The latest sign that inflation is cooling makes it more likely the Federal Reserve will be able to gain enough confidence to cut interest rates this fall.
The odds of a cut in September jumped Thursday after the release of favorable new numbers from the Consumer Price Index (CPI), with traders now pricing in an 83% probability of an easing at the Fed’s meeting on Sept. 17-18.
“I think it puts September firmly on pace for a cut,” Peter Tchir, Academy Securities macro strategy head, told Yahoo Finance.
Some Fed watchers even think that a cut at the Fed’s July 30-31 meeting is now a possibility if some other pieces fall into place.
“The Fed could very well lower rates sooner than September if the labor market softens at a faster clip,” said Quincy Krosby, chief global strategist for LPL Financial.
The Consumer Price Index on a “core” basis — which excludes volatile food and energy prices the Fed can’t control — rose 3.3% year over year in the month of June. That was a tenth of a percent below expectations and below the level seen in May.
Month-over-month core CPI was also encouraging, rising 0.1% after increasing 0.2% in May.
The “muted” month-over-month increase “strengthens the case for a September rate cut,” said Paul Ashworth, chief economist for Capital Economics.
A lot, however, still depends on the next reading of the Fed’s preferred inflation gauge — the “core” Personal Consumption Expenditures index (PCE) — as well as further cooling of the jobs market, Ashworth added.
San Francisco Fed president Mary Daly didn’t commit to any specific timing on rate cuts in a conversation with reporters Thursday following the CPI release except to say that the time is “closer than six months ago.”
“With the information we have received today, which includes data on employment, inflation, GDP growth and the outlook for the economy, I see it as likely that some policy adjustments will be warranted,” Daly said.
Inflation will continue to come down gradually, she added, but “when exactly that happens and when it would be appropriate to make an adjustment of policy is still unclear.” She said she still needs to see more information.

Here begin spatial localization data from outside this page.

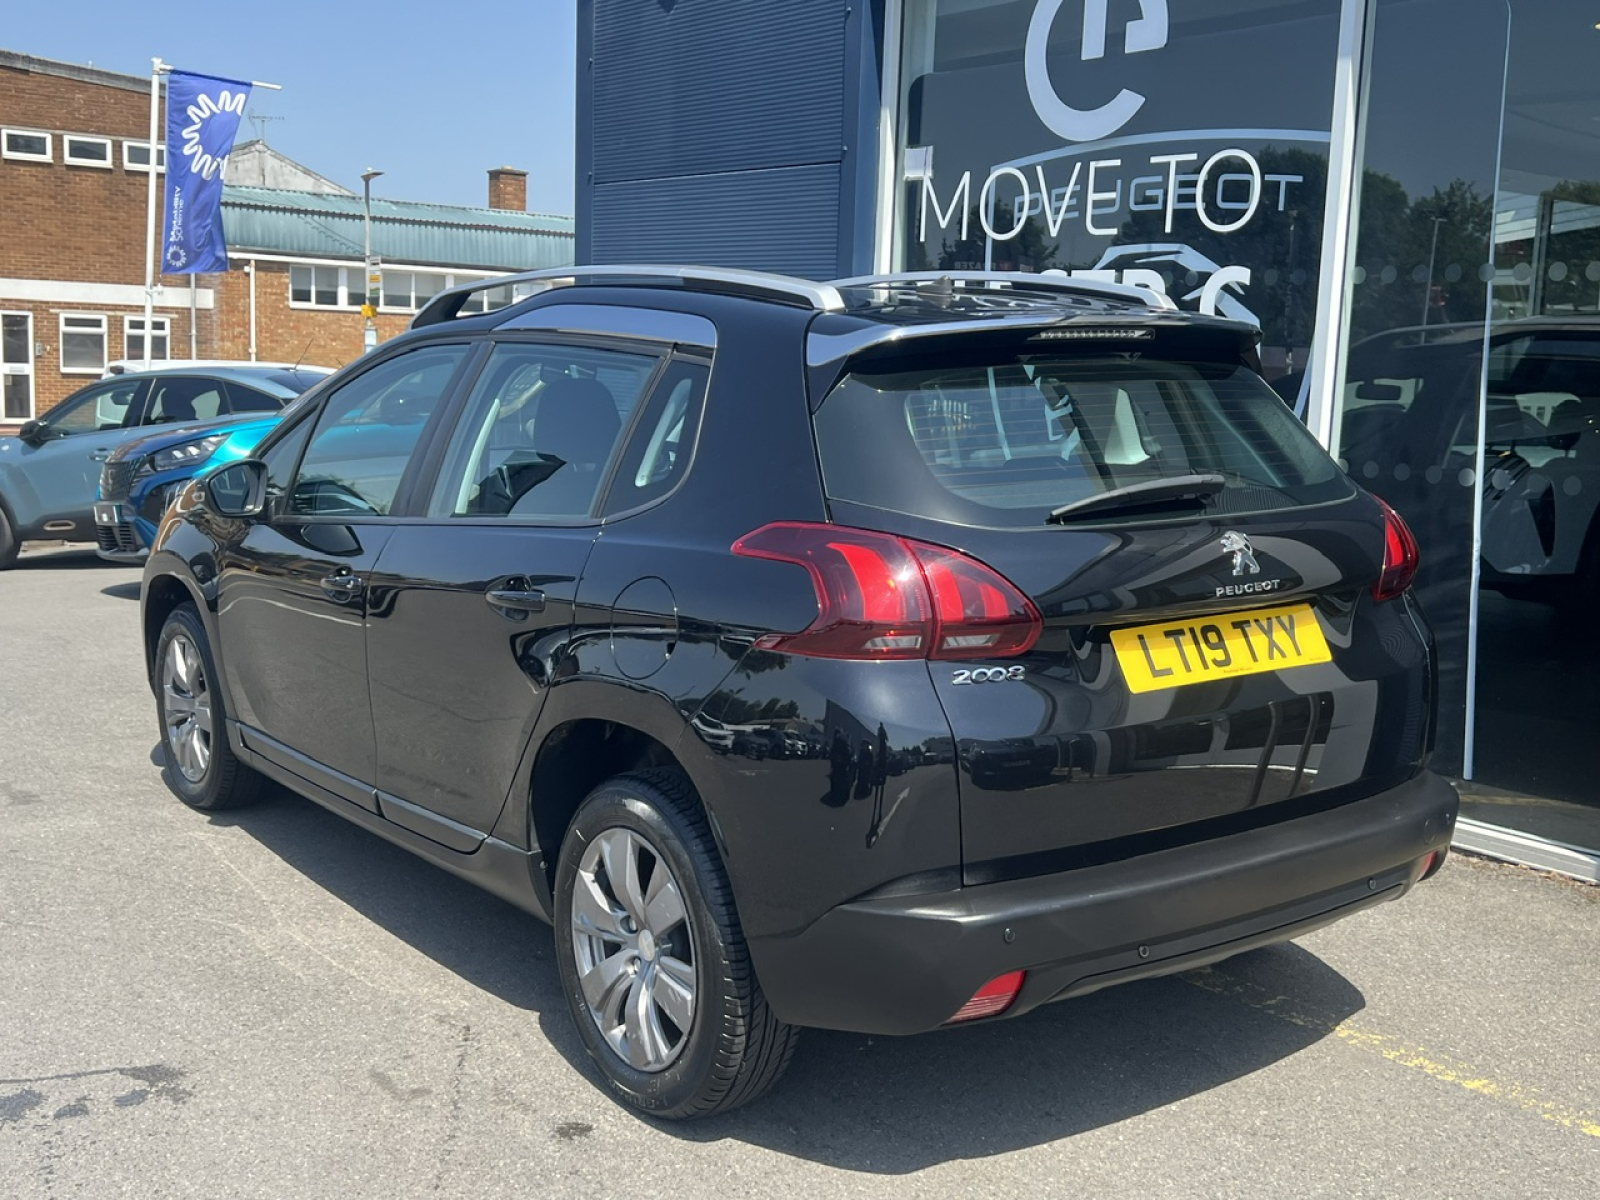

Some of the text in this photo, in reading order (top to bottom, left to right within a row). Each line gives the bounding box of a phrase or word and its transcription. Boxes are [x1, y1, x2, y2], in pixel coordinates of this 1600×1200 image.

[919, 148, 1261, 242] MOVE TO
[1013, 173, 1303, 229] PEUGEOT
[1216, 579, 1281, 597] PEUGEOT
[1137, 614, 1302, 678] LT19 TXY
[952, 665, 1026, 685] 2008

Another central bank policymaker, St. Louis Fed president Alberto Musalem, said Thursday that the new CPI number “points to encouraging further progress towards lower inflation” but that “I will be looking for more evidence that inflation can be expected to converge to 2% going forward.”
Richard de Chazal, macro analyst for William Blair, said the fact that June marks the third consecutive month of more moderate inflation growth helps “confirm that inflation is firmly back on a downward trajectory.”

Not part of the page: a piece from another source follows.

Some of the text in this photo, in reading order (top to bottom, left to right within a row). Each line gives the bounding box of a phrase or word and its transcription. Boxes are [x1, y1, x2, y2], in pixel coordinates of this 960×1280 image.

But he still does not expect a smooth path down to the Fed’s inflation goal of 2% because the annual rate of change comparisons start to become tougher through the second half of this year.
“To help justify the start of rate cuts, the Fed will need to shift the focus to a decelerating labor market, rather than continuing to rely entirely on the softening of inflation to do all the heavy lifting on rates,” de Chazal said.
“Today’s report, and the subtle shift to a more balanced focus on slowing employment growth by the Fed, helps firmly put a September rate cut in the sights.”
Federal Reserve Chair Jay Powell made it clear earlier this week that he is in fact paying closer attention to a cooling jobs market.
“The most recent labor market data do send a pretty clear signal that labor market conditions have cooled considerably compared to where they were two years ago,” he said during testimony before US lawmakers. “This is no longer an overheated economy.”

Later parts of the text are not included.